=== Begin Enclosure ===

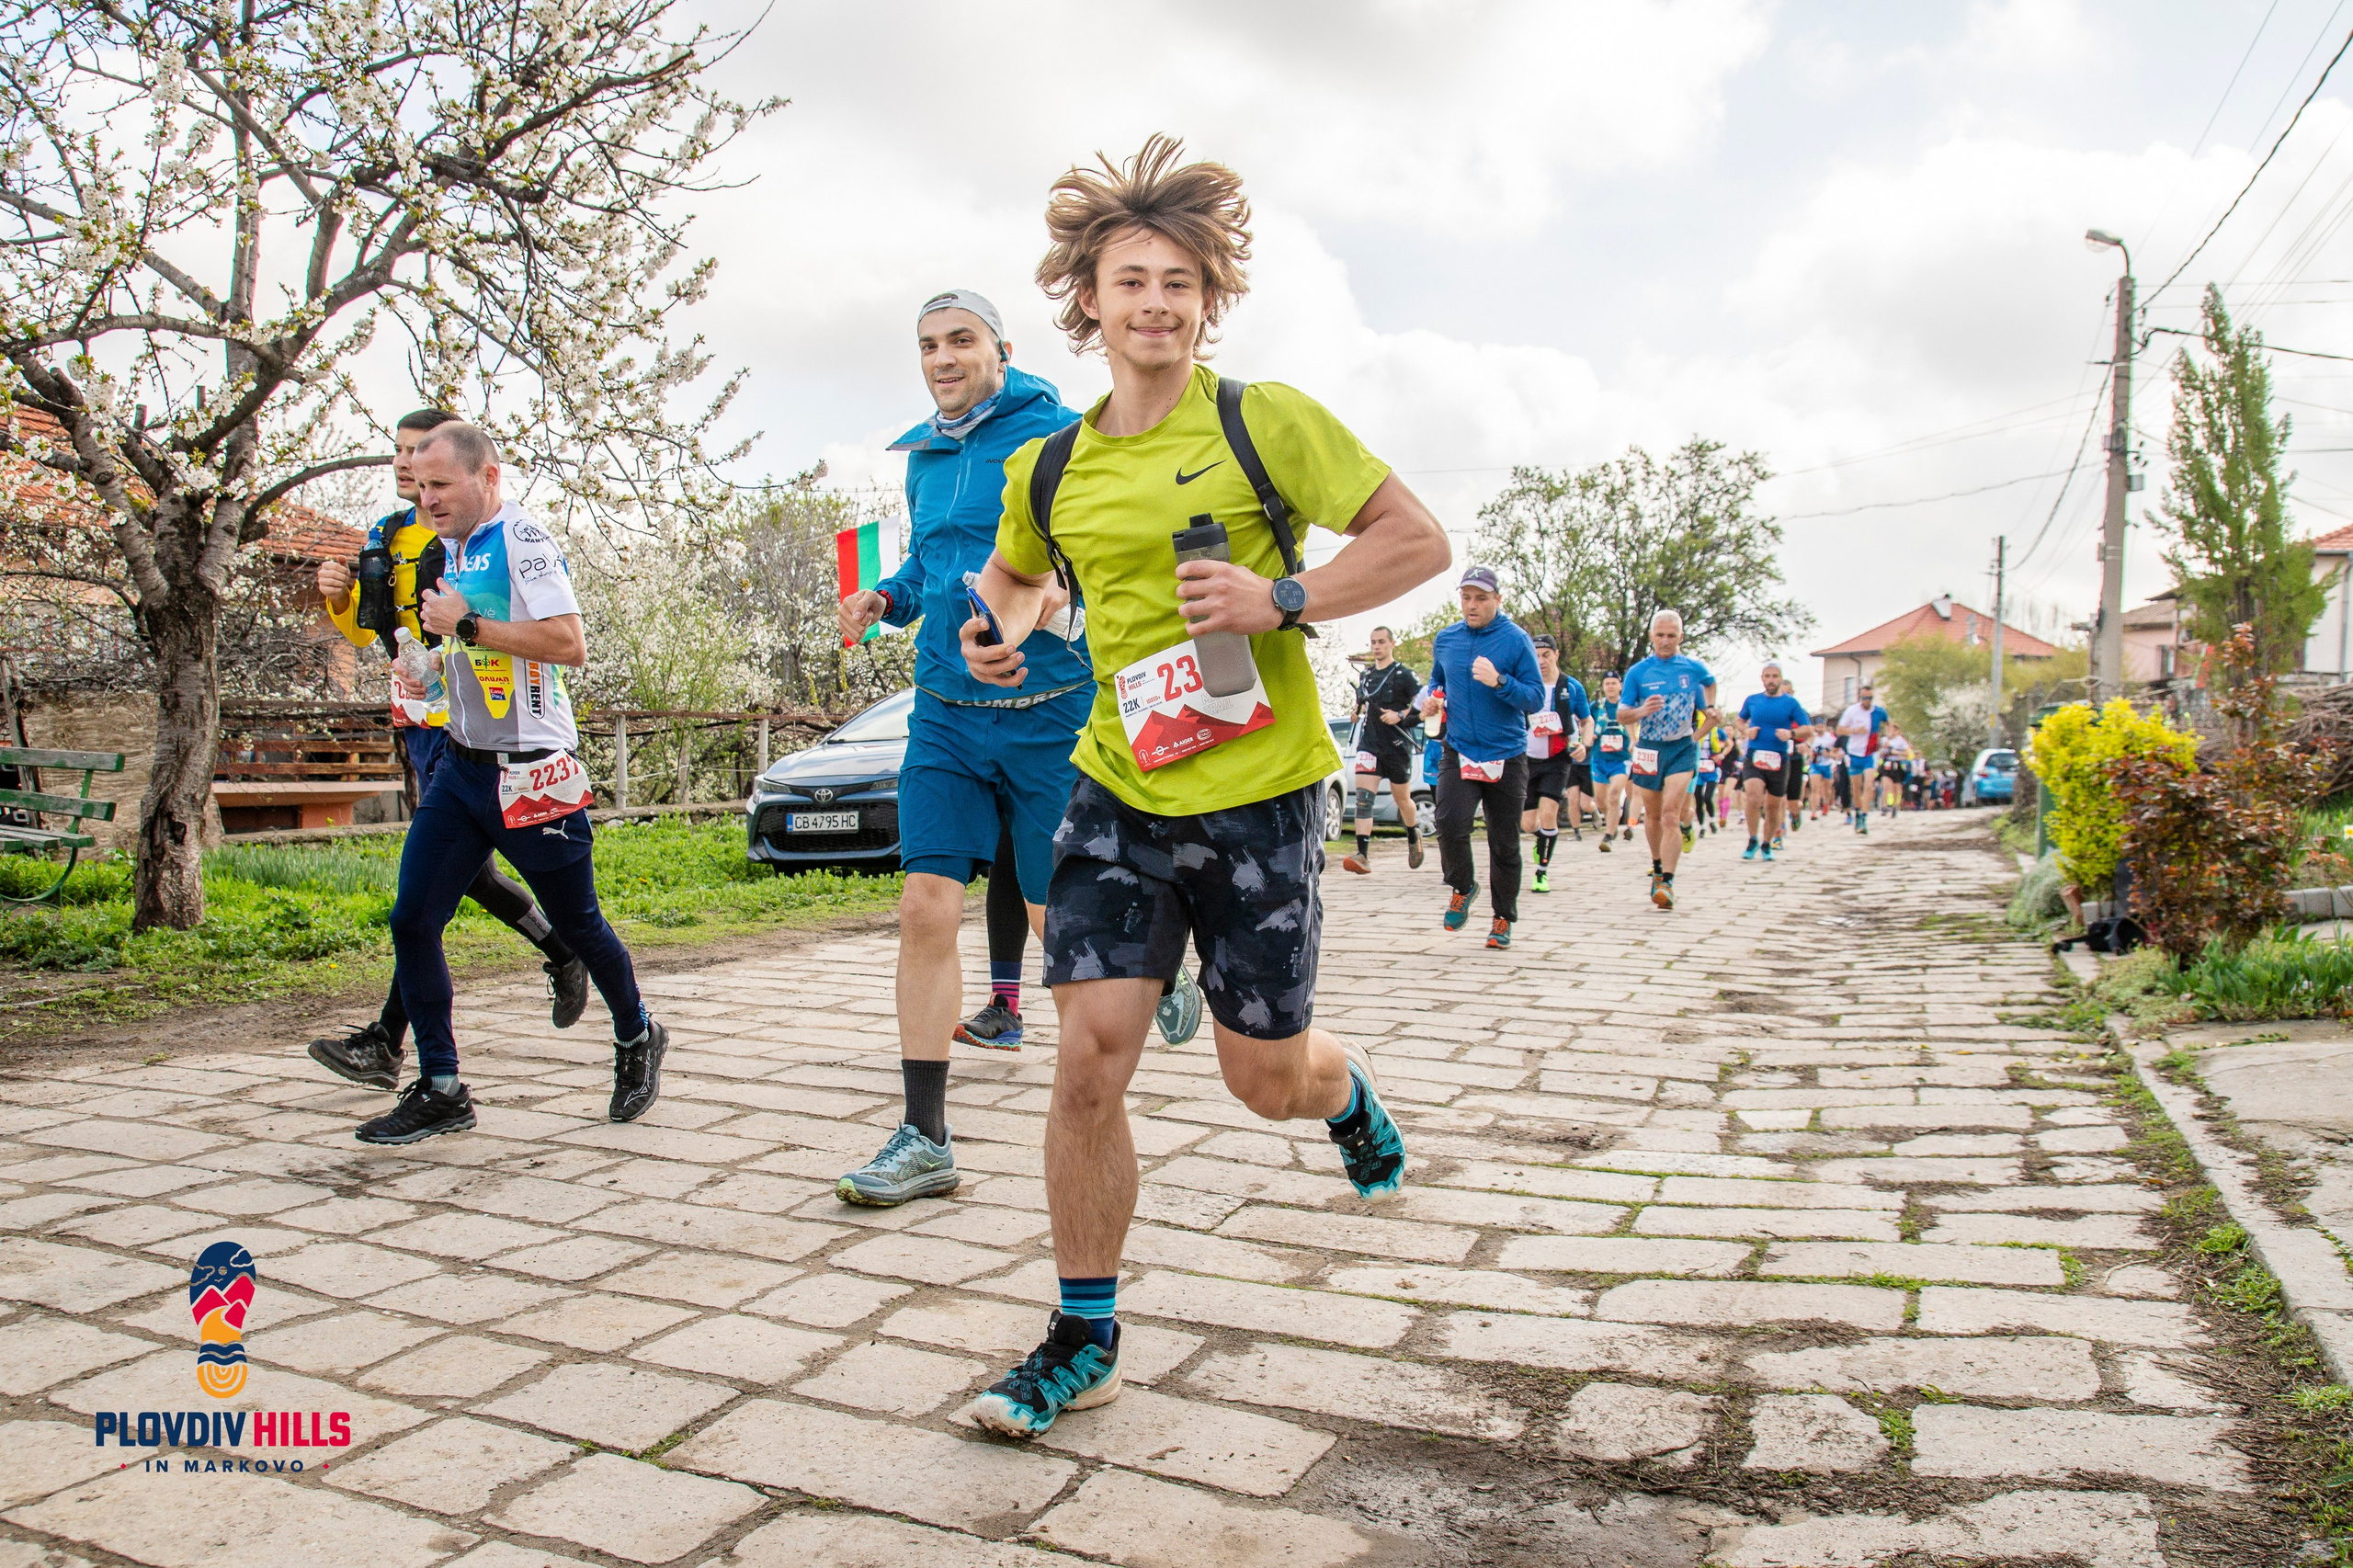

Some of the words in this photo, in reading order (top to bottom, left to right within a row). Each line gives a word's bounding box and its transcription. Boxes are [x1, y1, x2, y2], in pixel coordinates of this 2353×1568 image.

[1123, 698, 1141, 713] 22K
[1637, 751, 1655, 763] 2310
[795, 816, 810, 829] CB
[812, 815, 839, 829] 4795
[842, 814, 856, 828] HC

=== End Enclosure ===

### Task description:
Please copy the data shown above precisely, leaving the images out.

### Solution:
Some of the words in this photo, in reading order (top to bottom, left to right within a row). Each line gives a word's bounding box and its transcription. Boxes are [x1, y1, x2, y2], in pixel coordinates of this 2353×1568 image.

[1123, 698, 1141, 713] 22K
[1637, 751, 1655, 763] 2310
[795, 816, 810, 829] CB
[812, 815, 839, 829] 4795
[842, 814, 856, 828] HC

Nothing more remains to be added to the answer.